There also is the Reveille House in Leavenworth, a halfway house for homeless veterans. In Lawrence, she suggested calling the Kansas Veterans Commission.

Shinogee’s story

That office, at 745 Vt., is a state-backed organization that would give a homeless veteran a booklet listing local services that offer help with a myriad of problems, said Joe Pellagrini, the office’s veterans service representative. Included in the book are the Salvation Army, 946 N.H., and the Community Drop In Center, 214 W. 10th St., both of which assist people who are homeless. There are no 24-hour homeless shelters in Lawrence.

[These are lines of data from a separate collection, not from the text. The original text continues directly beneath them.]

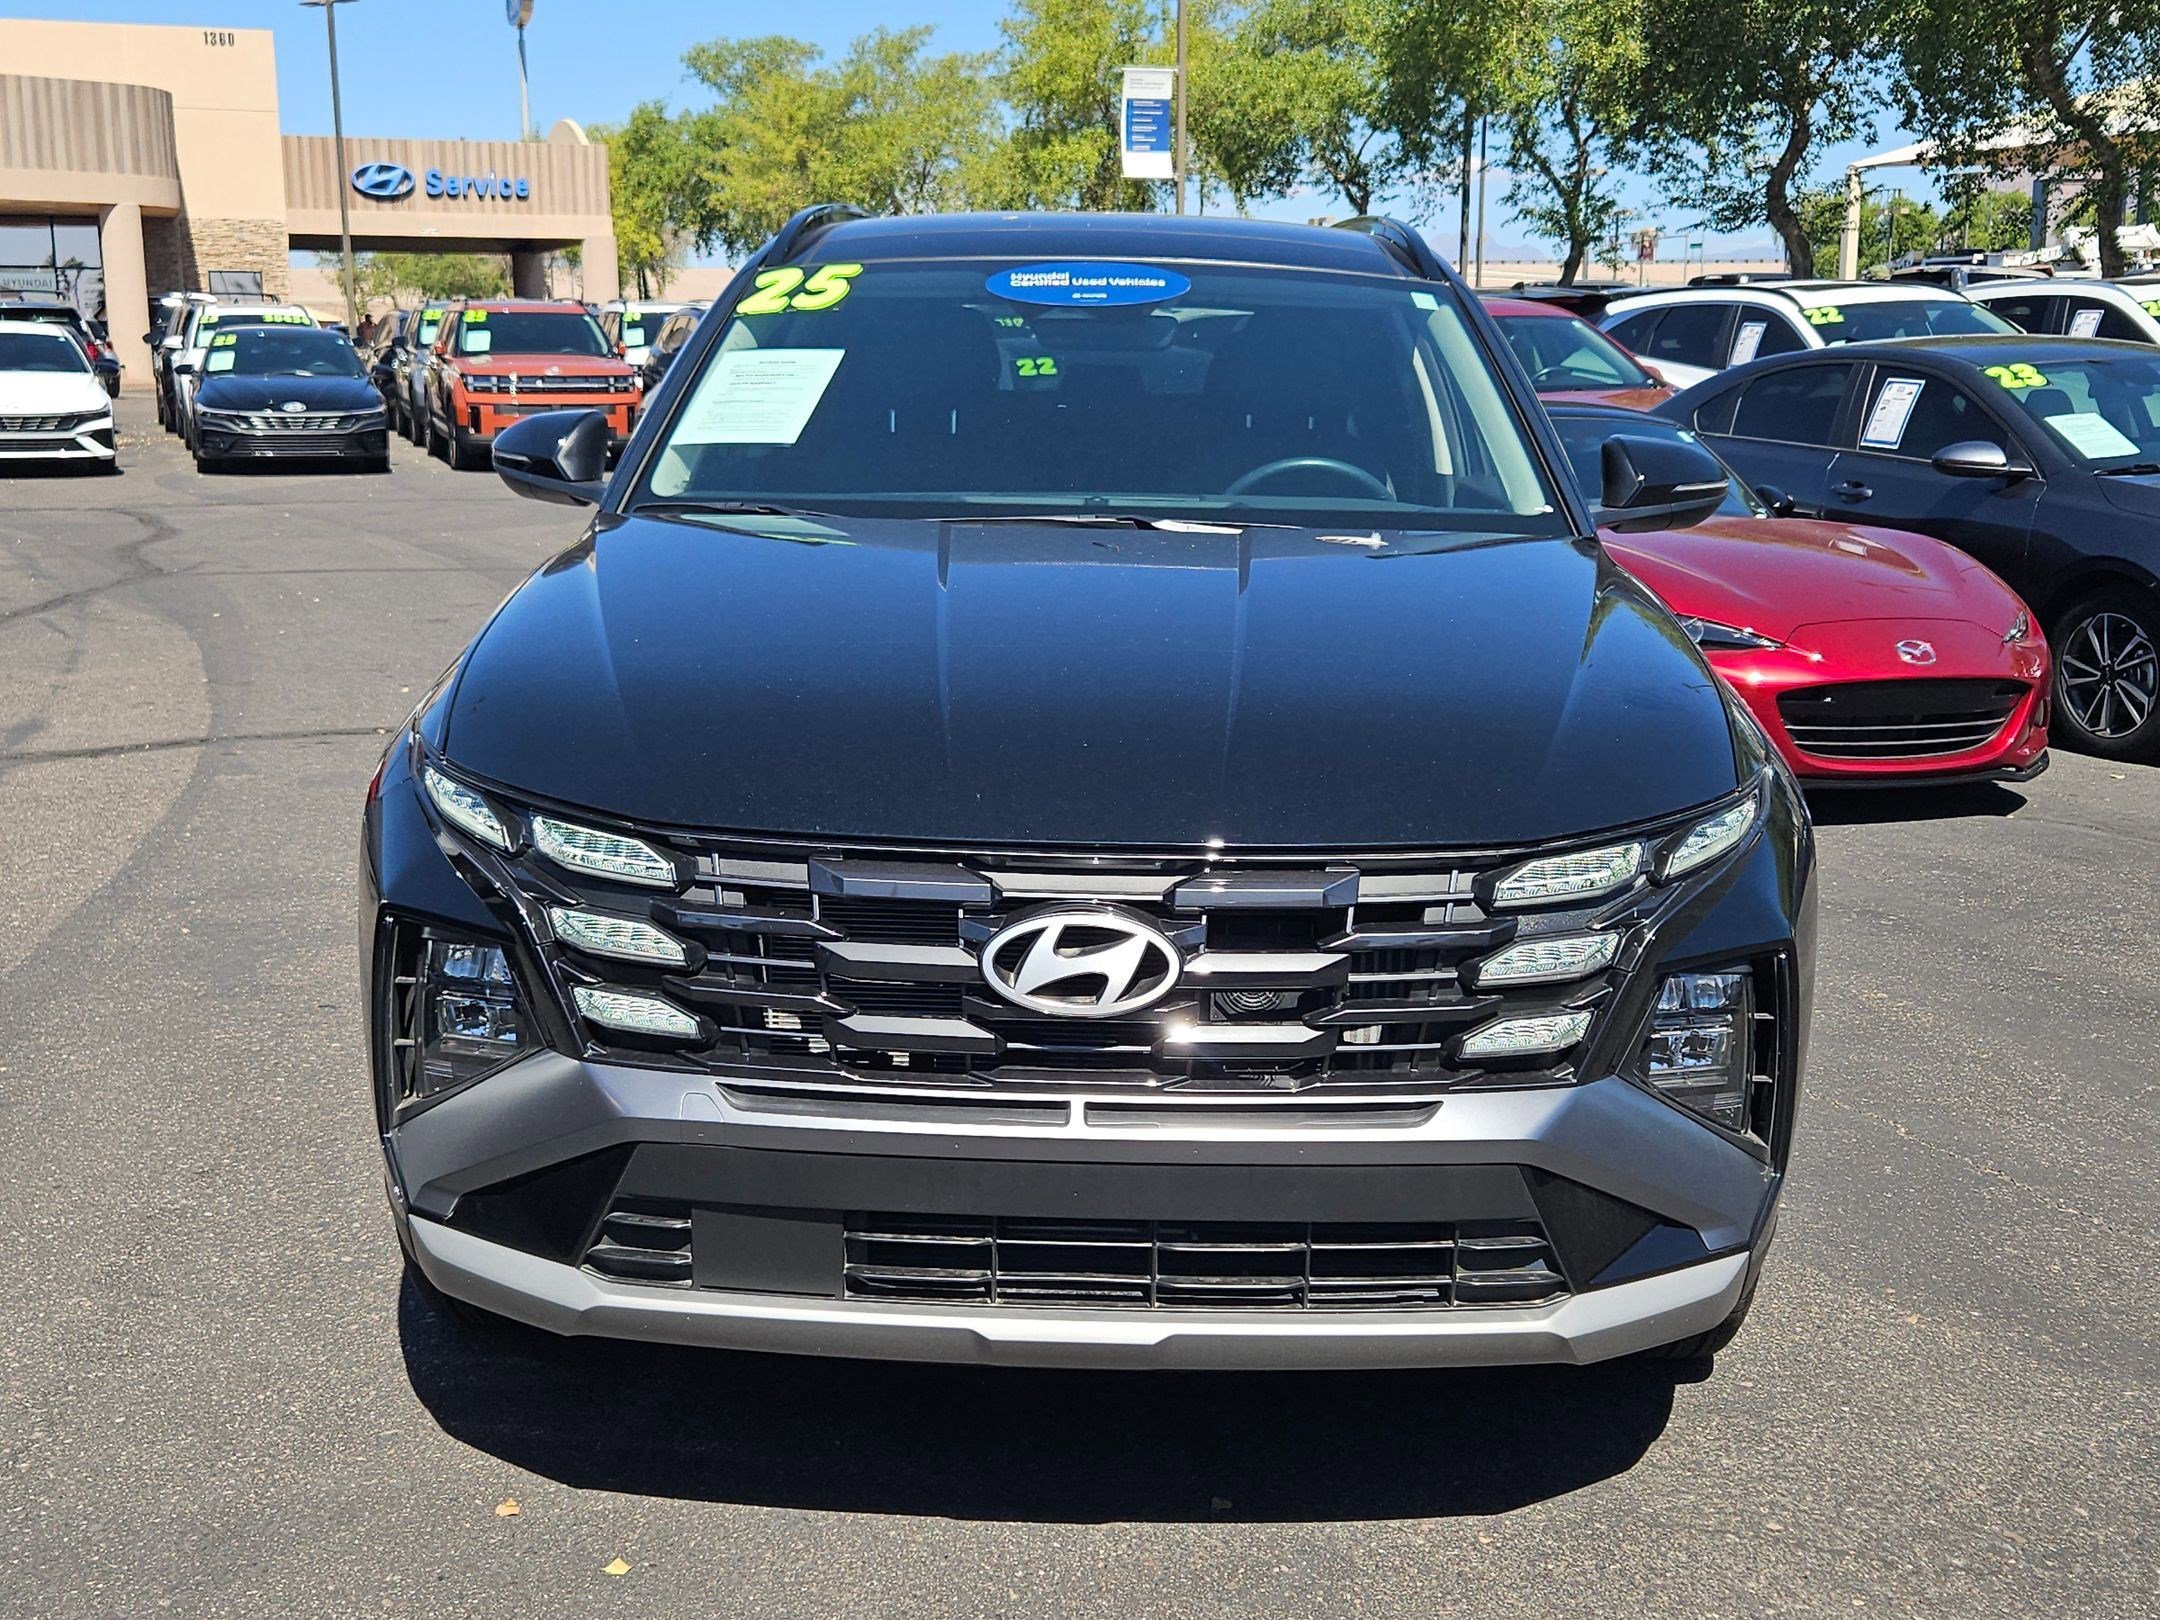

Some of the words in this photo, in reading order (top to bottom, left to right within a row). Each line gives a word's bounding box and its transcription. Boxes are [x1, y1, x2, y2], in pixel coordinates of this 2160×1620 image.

[425, 168, 530, 201] Service
[735, 263, 864, 316] 25
[1072, 277, 1107, 287] Used
[1109, 277, 1166, 287] Vehicles
[1803, 306, 1845, 325] 22
[2140, 298, 2160, 317] 2
[1015, 356, 1058, 377] 22
[1984, 362, 2048, 389] 23
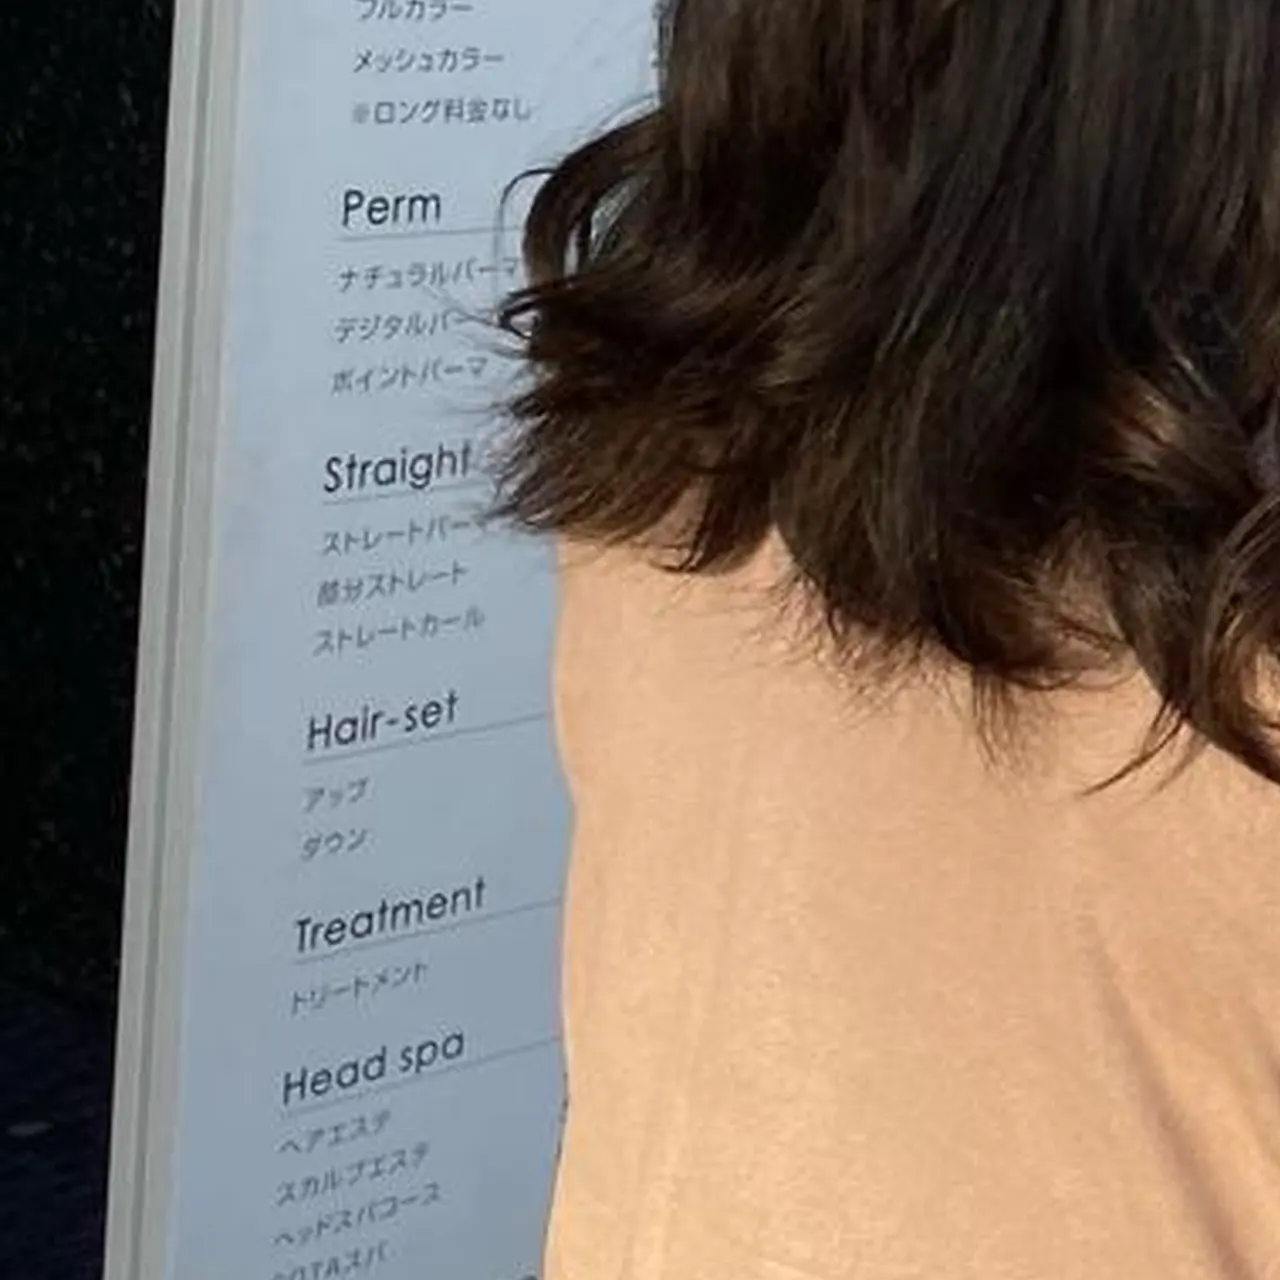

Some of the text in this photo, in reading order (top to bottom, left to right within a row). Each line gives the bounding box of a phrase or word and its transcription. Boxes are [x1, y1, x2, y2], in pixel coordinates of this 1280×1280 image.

[352, 45, 505, 74] メッシュカラー
[340, 189, 443, 227] Perm
[322, 442, 474, 494] Straight
[306, 688, 459, 752] Hair-set
[296, 876, 486, 953] Treatment
[291, 963, 428, 1016] トリートメント
[283, 1032, 465, 1107] Head spa
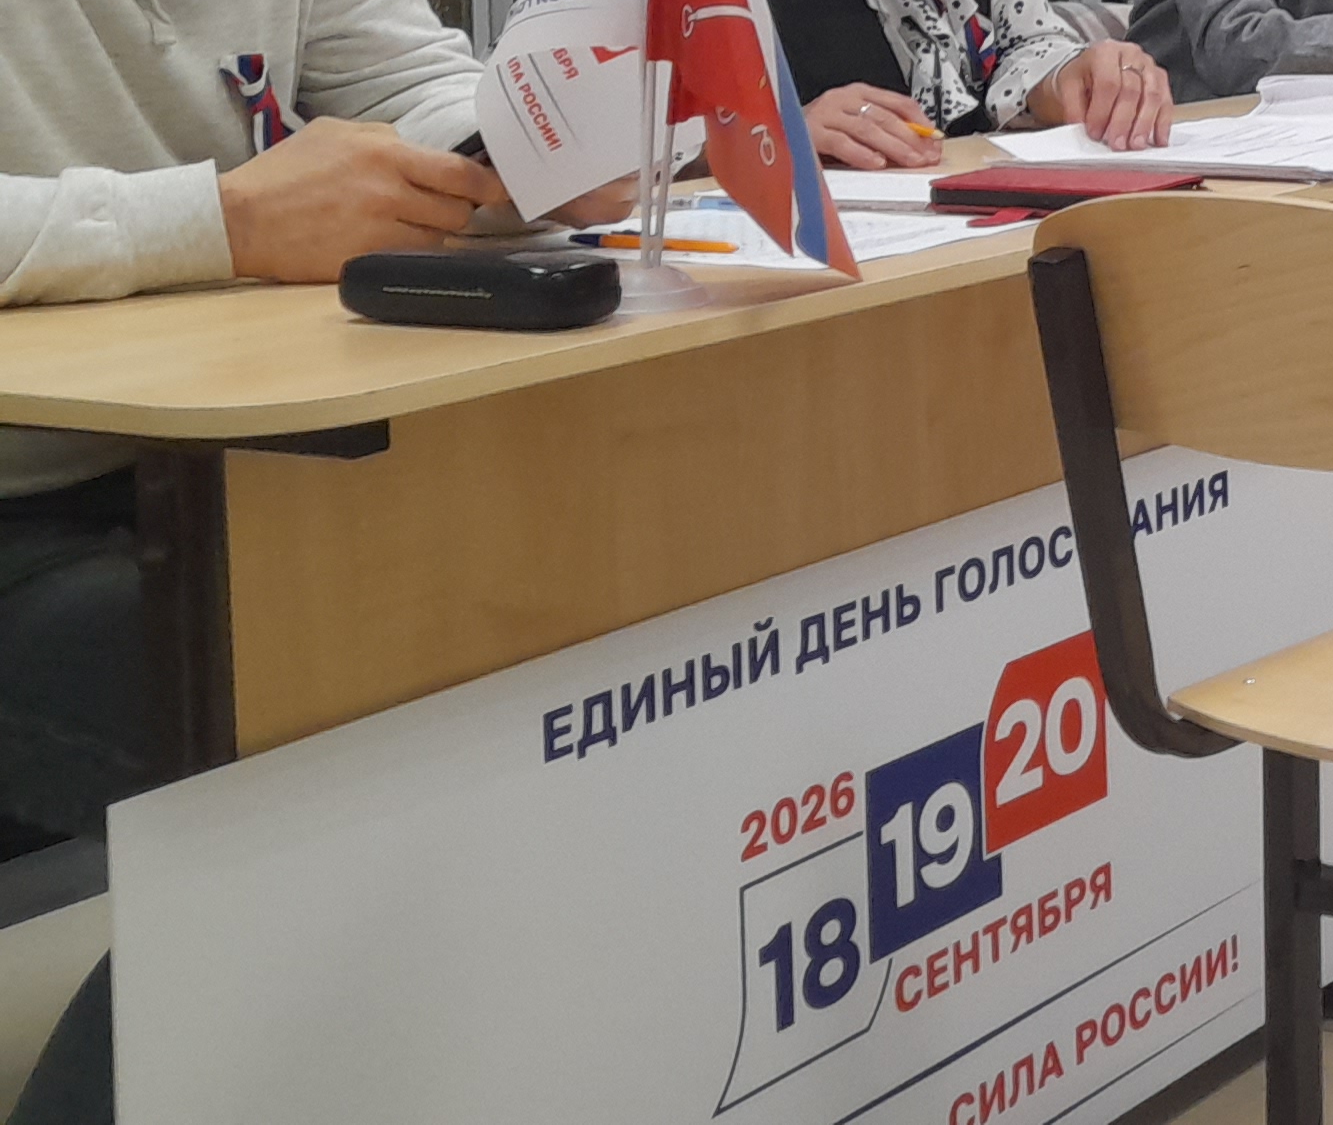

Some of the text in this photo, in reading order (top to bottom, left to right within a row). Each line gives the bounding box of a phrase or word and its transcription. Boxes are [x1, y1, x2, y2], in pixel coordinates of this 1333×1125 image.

[518, 82, 563, 152] РОССИИ!
[542, 470, 1230, 764] ЕДИНЫЙ ДЕНЬ ГОЛОСАНИЯ
[741, 771, 856, 862] 2026
[758, 676, 1097, 1032] 18 19 20
[894, 861, 1112, 1013] СЕНТЯБРЯ
[948, 934, 1240, 1125] СИЛА РОССИИ!
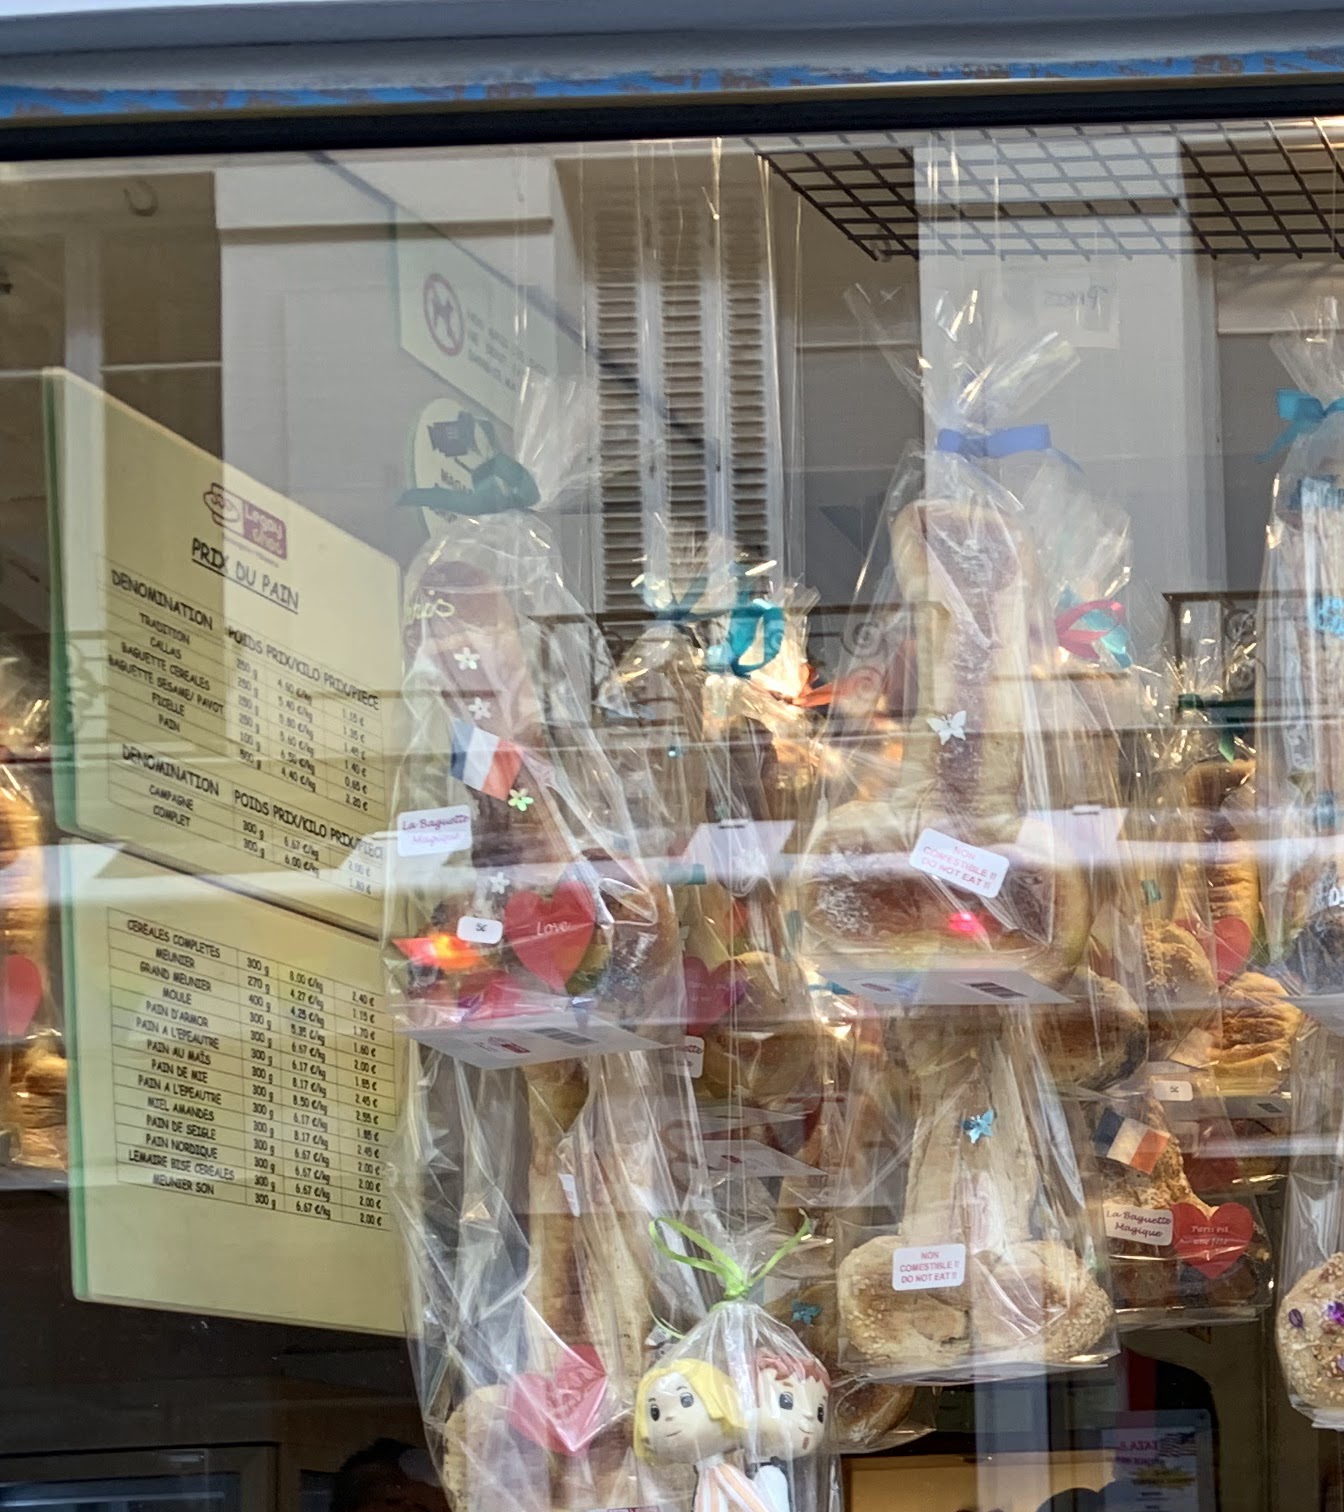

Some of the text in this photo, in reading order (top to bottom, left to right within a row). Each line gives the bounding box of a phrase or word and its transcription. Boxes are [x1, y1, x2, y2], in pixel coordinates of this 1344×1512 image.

[192, 537, 299, 609] PRIX DU PAIN
[112, 569, 213, 630] DENOMINATION
[122, 744, 327, 838] DENOMINATION POIDS PRIX/KILO
[537, 921, 571, 935] Love
[1123, 1212, 1172, 1225] Baguette
[1115, 1222, 1163, 1237] Magique
[921, 1252, 939, 1260] NON
[900, 1261, 953, 1272] COMESTIBLE
[901, 1272, 950, 1283] DO NOT EAT

Shinogee sought out Lilley about three years ago, seeking help obtaining veterans disability funds. Shinogee was in the Army a short time when he “got into trouble” and received an “other-than-honorable discharge” in the mid-1980s, Lilley said. She could not be specific about the nature of the trouble.

Within a short time Shinogee became psychotic, Lilley said. But the military maintained Shinogee was sane when he got in trouble while in the Army and the VA denied his claims on that basis.

But Lilley said she checked with VA doctors who examined Shinogee since he left the military, and they said he was mentally ill at the time of the infraction. His mental illness built up, they told her, over a period of time beginning with his trouble in the Army.

“You don’t just suddenly wake up and be psychotic, in most cases,” Lilley said.

So last year, the Board of Veterans Appeals in Washington, D.C., agreed and approved disability payments for Shinogee, with monthly back pay to September, 2001.

But because of the disability, the VA won’t disburse the funds.

What he’ll do

Lilley said it was clear Shinogee’s mental condition was a factor in his inability over 20 years to obtain VA funds.

“You were dealing with a severely disabled person,” she said. “He did not know what kind of evidence he needed to submit to the VA.”

Shinogee hasn’t always been homeless, but it isn’t clear where he has been since leaving the Army. His name sometimes shows up on the Douglas County Jail log for various misdemeanors. It is hard to get him to talk about those matters.

Shinogee said he was tormented by thoughts and visions of terrorist attacks and people running and falling “into the gates of hell.” He talks about seeing visions of God and Jesus and about riding the tail of Haley’s Comet.

Shinogee also said he suffered pain in his neck and the back of his head stemming from a car accident in the 1980s.

Shinogee, who sleeps nights at the Salvation Army shelter, knows what he wants to do with his disability money once he gets it.

“I want to buy a house and stay in Lawrence,” he said. “I want to find the best doctor I can — a neurologist — to take pictures of my brain and to operate on my thalamus.”